→ REQUIRED WORK:
Copy the entries below word for word, but omit any pictures they contain.

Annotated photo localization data
────────────────────────────────────────

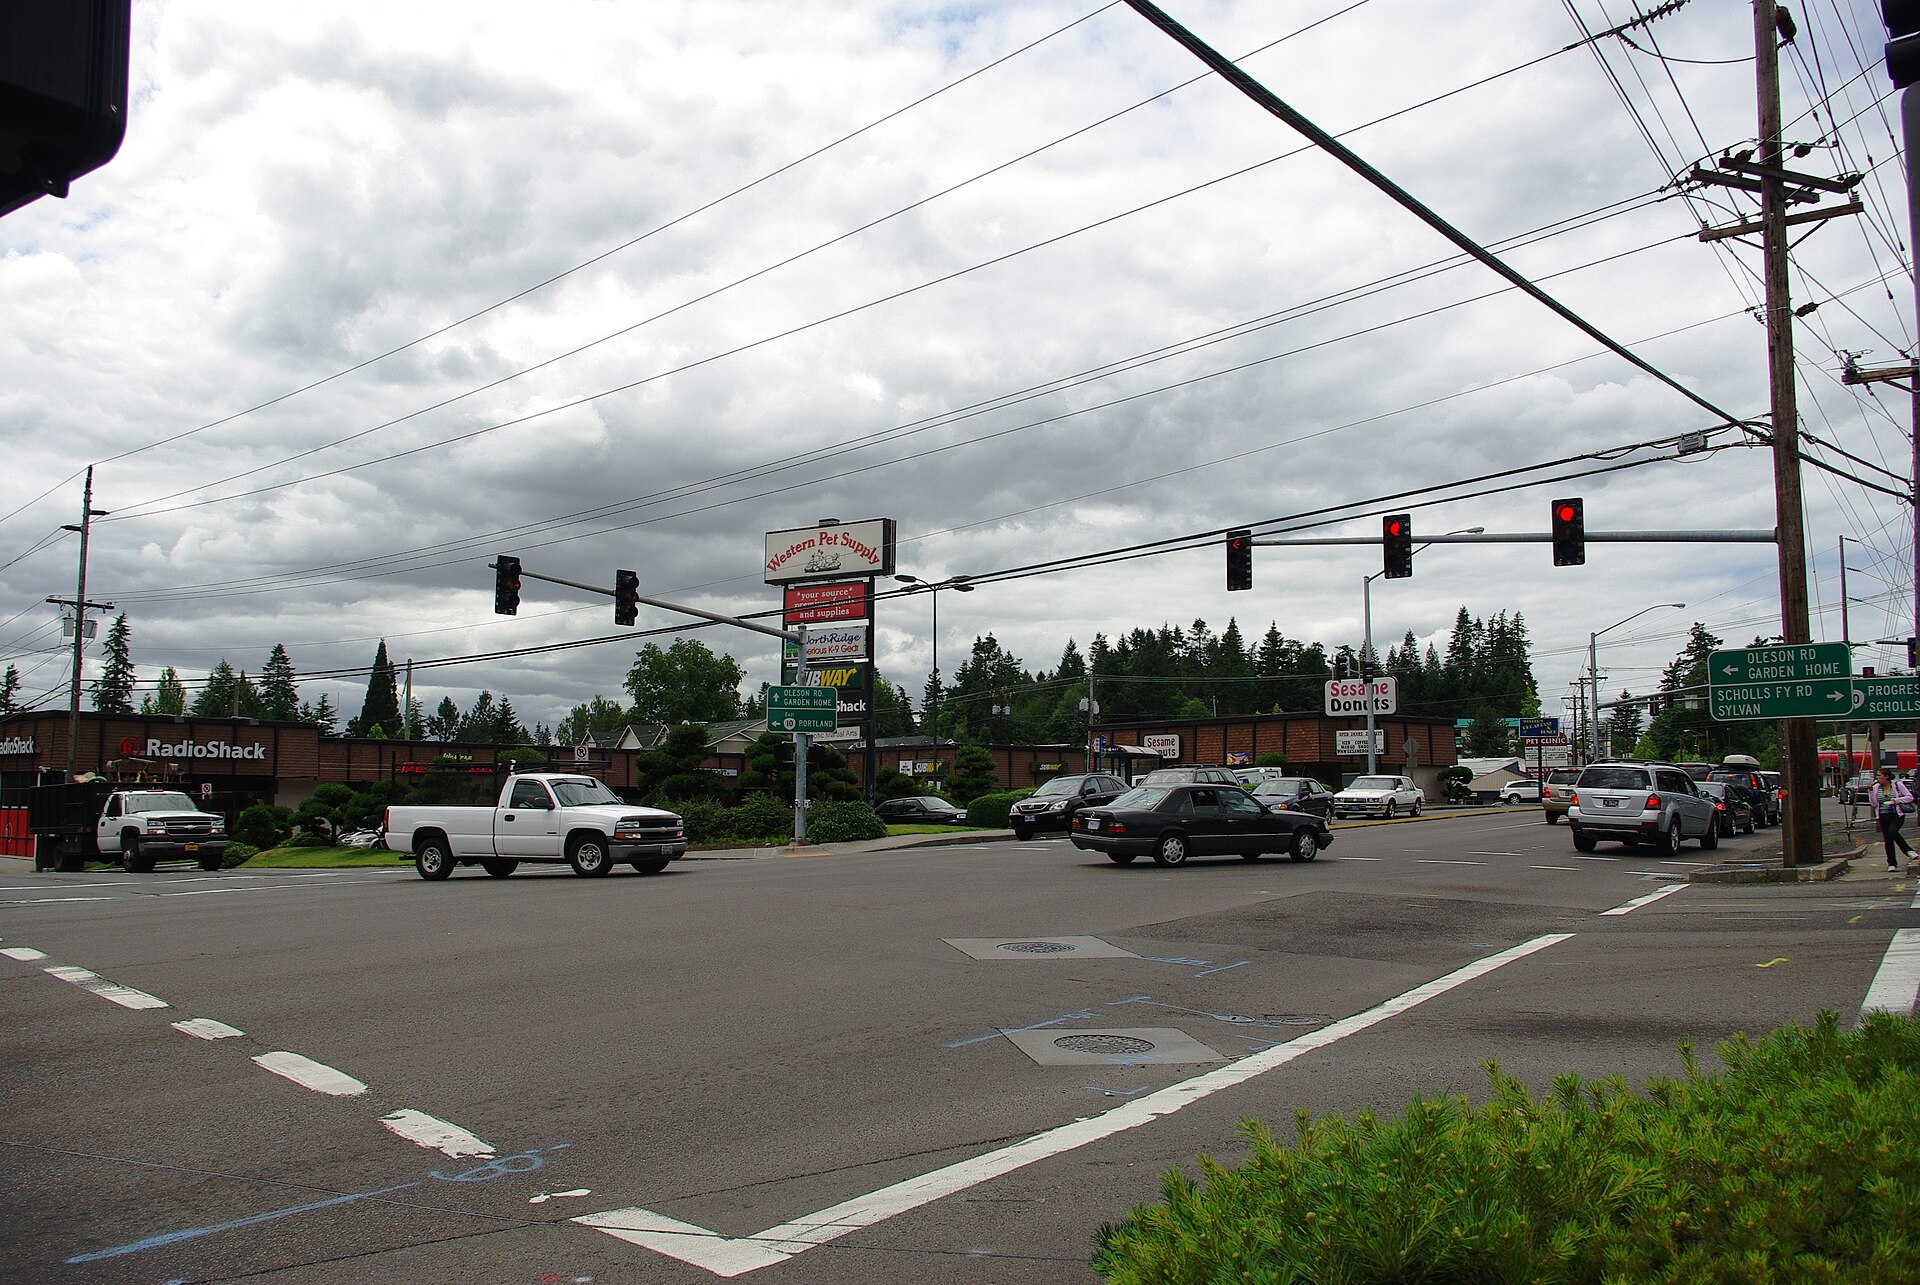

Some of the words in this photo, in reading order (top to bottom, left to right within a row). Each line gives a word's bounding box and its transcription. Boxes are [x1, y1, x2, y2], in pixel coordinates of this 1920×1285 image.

[767, 538, 816, 572] Western
[818, 531, 838, 546] Pet
[840, 531, 880, 565] Supply
[799, 610, 815, 619] and
[817, 607, 850, 618] supplies
[806, 646, 828, 655] erious
[1747, 650, 1795, 664] OLESON
[1800, 648, 1816, 660] RD
[1748, 665, 1795, 679] GARDEN
[1805, 662, 1841, 676] HOME
[784, 689, 810, 697] OLESON
[1717, 687, 1771, 702] SCHOLLS
[1775, 686, 1791, 698] FY
[1796, 685, 1813, 697] RD
[783, 698, 810, 706] GARDEN
[1869, 700, 1920, 713] SCHOLLS
[1718, 703, 1761, 717] SYLVAN
[799, 719, 834, 728] PORTLAND
[146, 738, 267, 760] RadioShack
[1147, 737, 1176, 748] Sesame
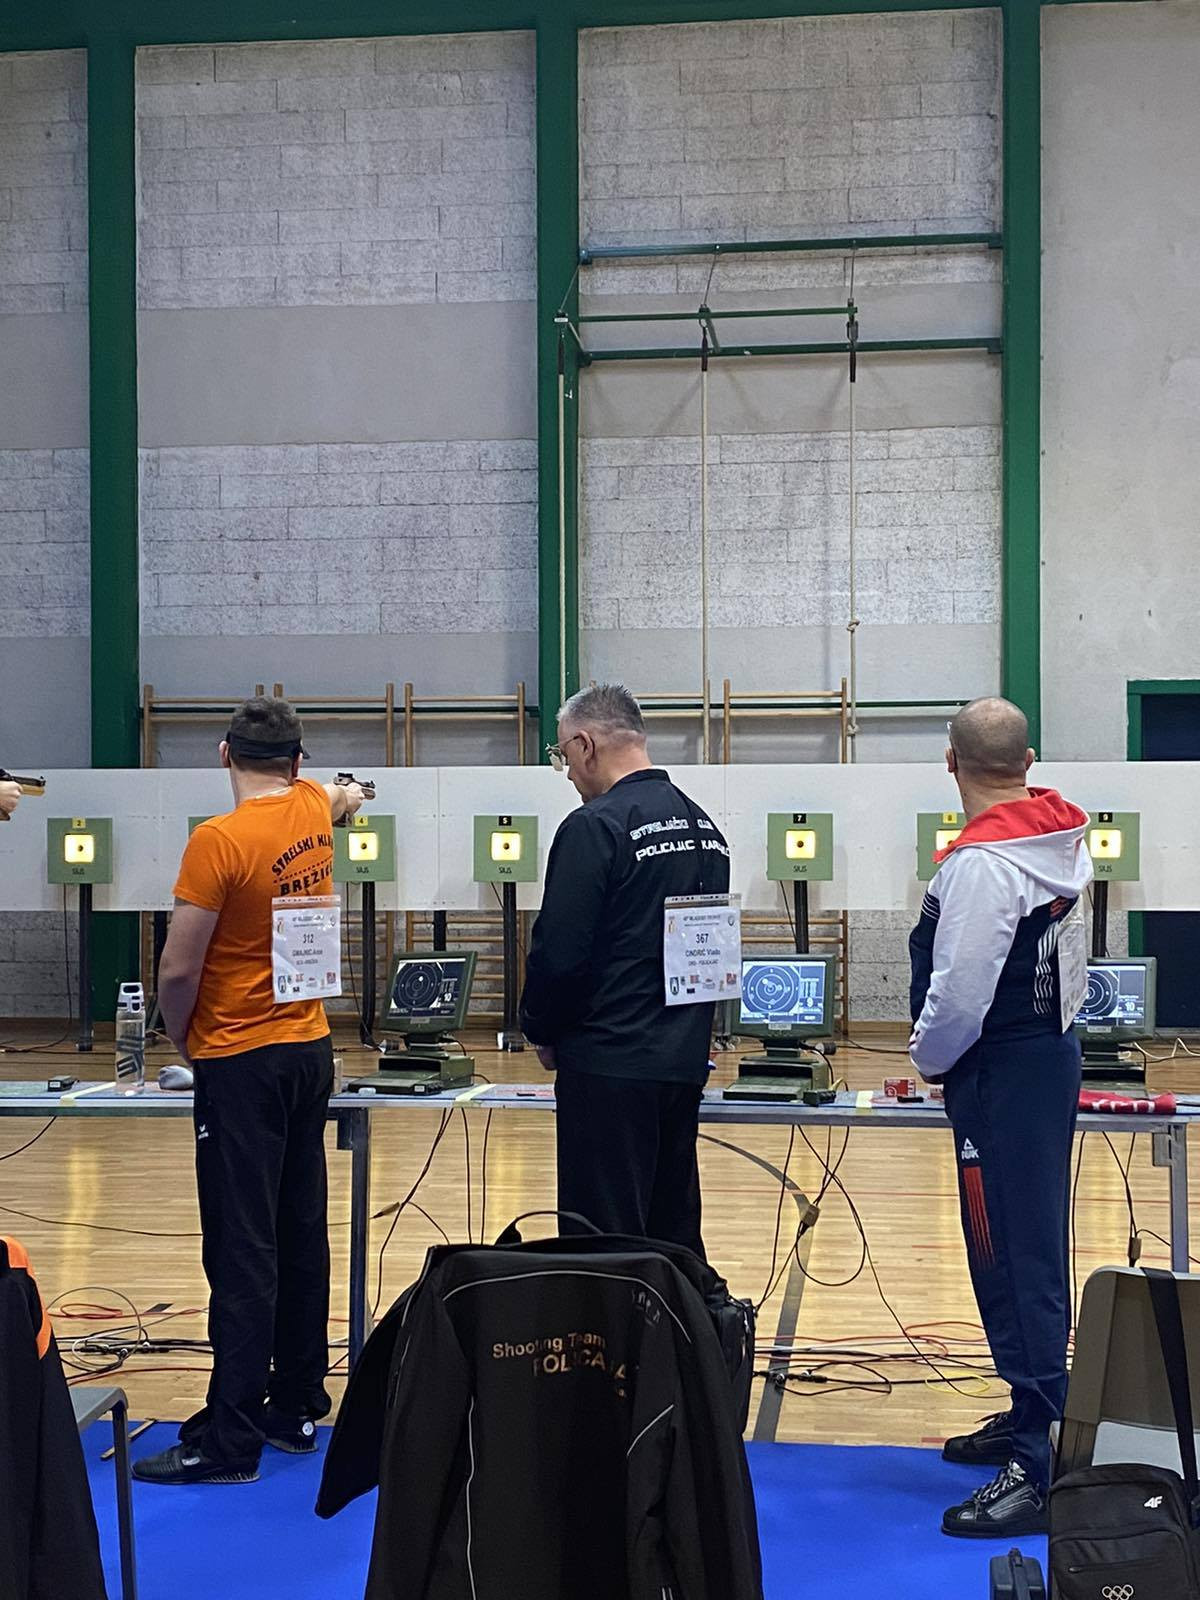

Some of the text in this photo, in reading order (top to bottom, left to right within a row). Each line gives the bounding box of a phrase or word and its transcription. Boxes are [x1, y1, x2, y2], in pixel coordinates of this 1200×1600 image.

[797, 814, 803, 822] 7
[1103, 813, 1109, 821] 9
[271, 836, 315, 877] STRELSKI
[303, 933, 314, 944] 312
[695, 933, 709, 944] 367
[444, 993, 452, 1002] 10
[806, 997, 814, 1008] 9
[1125, 1001, 1136, 1012] 10
[1143, 1495, 1163, 1509] 4F
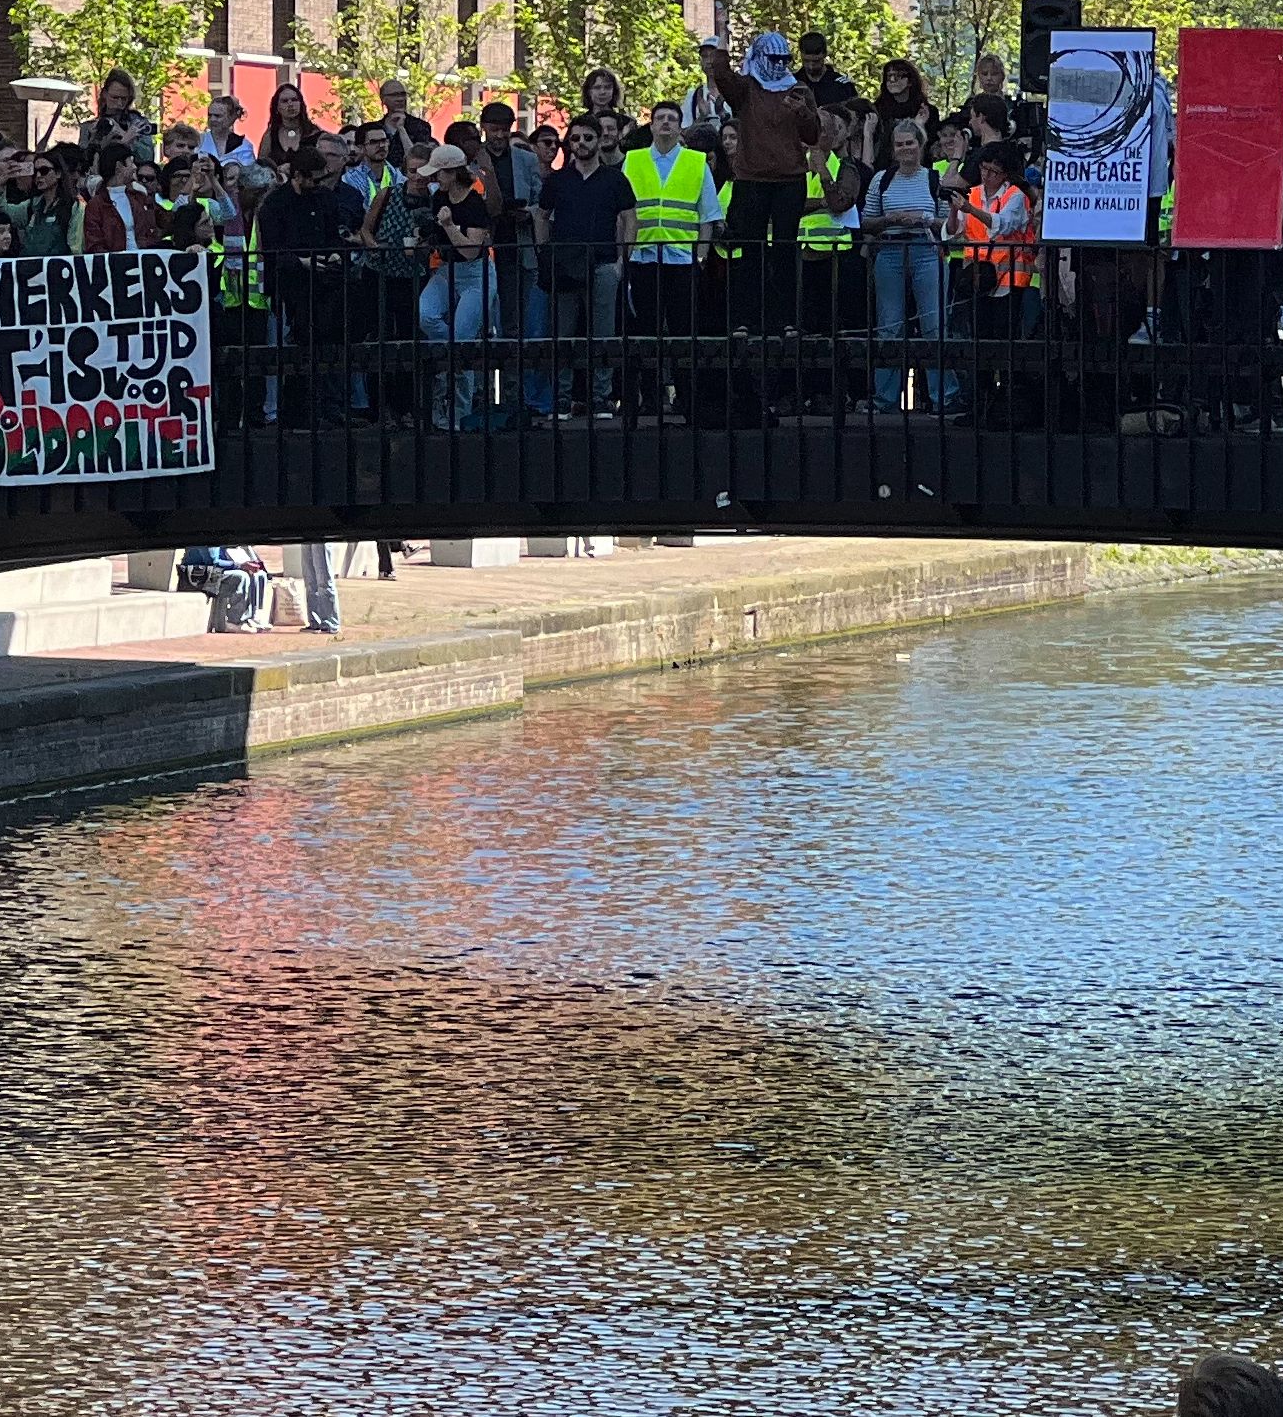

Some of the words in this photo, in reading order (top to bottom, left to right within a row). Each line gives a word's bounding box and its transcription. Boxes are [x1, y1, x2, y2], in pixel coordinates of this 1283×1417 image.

[1124, 146, 1143, 160] THE
[1048, 161, 1091, 182] IRON
[1097, 161, 1143, 182] CAGE
[1047, 197, 1090, 210] RASHID
[1094, 197, 1140, 211] KHALIDI

────────────────────────────────────────

→ WORKED SOLUTION:
Some of the words in this photo, in reading order (top to bottom, left to right within a row). Each line gives a word's bounding box and its transcription. Boxes are [x1, y1, x2, y2], in pixel coordinates of this 1920×1285 image.

[767, 538, 816, 572] Western
[818, 531, 838, 546] Pet
[840, 531, 880, 565] Supply
[799, 610, 815, 619] and
[817, 607, 850, 618] supplies
[806, 646, 828, 655] erious
[1747, 650, 1795, 664] OLESON
[1800, 648, 1816, 660] RD
[1748, 665, 1795, 679] GARDEN
[1805, 662, 1841, 676] HOME
[784, 689, 810, 697] OLESON
[1717, 687, 1771, 702] SCHOLLS
[1775, 686, 1791, 698] FY
[1796, 685, 1813, 697] RD
[783, 698, 810, 706] GARDEN
[1869, 700, 1920, 713] SCHOLLS
[1718, 703, 1761, 717] SYLVAN
[799, 719, 834, 728] PORTLAND
[146, 738, 267, 760] RadioShack
[1147, 737, 1176, 748] Sesame

Some of the text in this photo, in reading order (top to bottom, left to right within a row). Each line gives the bounding box of a phrase or word and its transcription. Boxes are [x1, y1, x2, y2], in pixel coordinates of this 1200×1600 image.

[797, 814, 803, 822] 7
[1103, 813, 1109, 821] 9
[271, 836, 315, 877] STRELSKI
[303, 933, 314, 944] 312
[695, 933, 709, 944] 367
[444, 993, 452, 1002] 10
[806, 997, 814, 1008] 9
[1125, 1001, 1136, 1012] 10
[1143, 1495, 1163, 1509] 4F

Some of the words in this photo, in reading order (top to bottom, left to right within a row). Each line gives a word's bounding box and its transcription. Boxes are [x1, y1, x2, y2], in pixel coordinates of this 1283×1417 image.

[1124, 146, 1143, 160] THE
[1048, 161, 1091, 182] IRON
[1097, 161, 1143, 182] CAGE
[1047, 197, 1090, 210] RASHID
[1094, 197, 1140, 211] KHALIDI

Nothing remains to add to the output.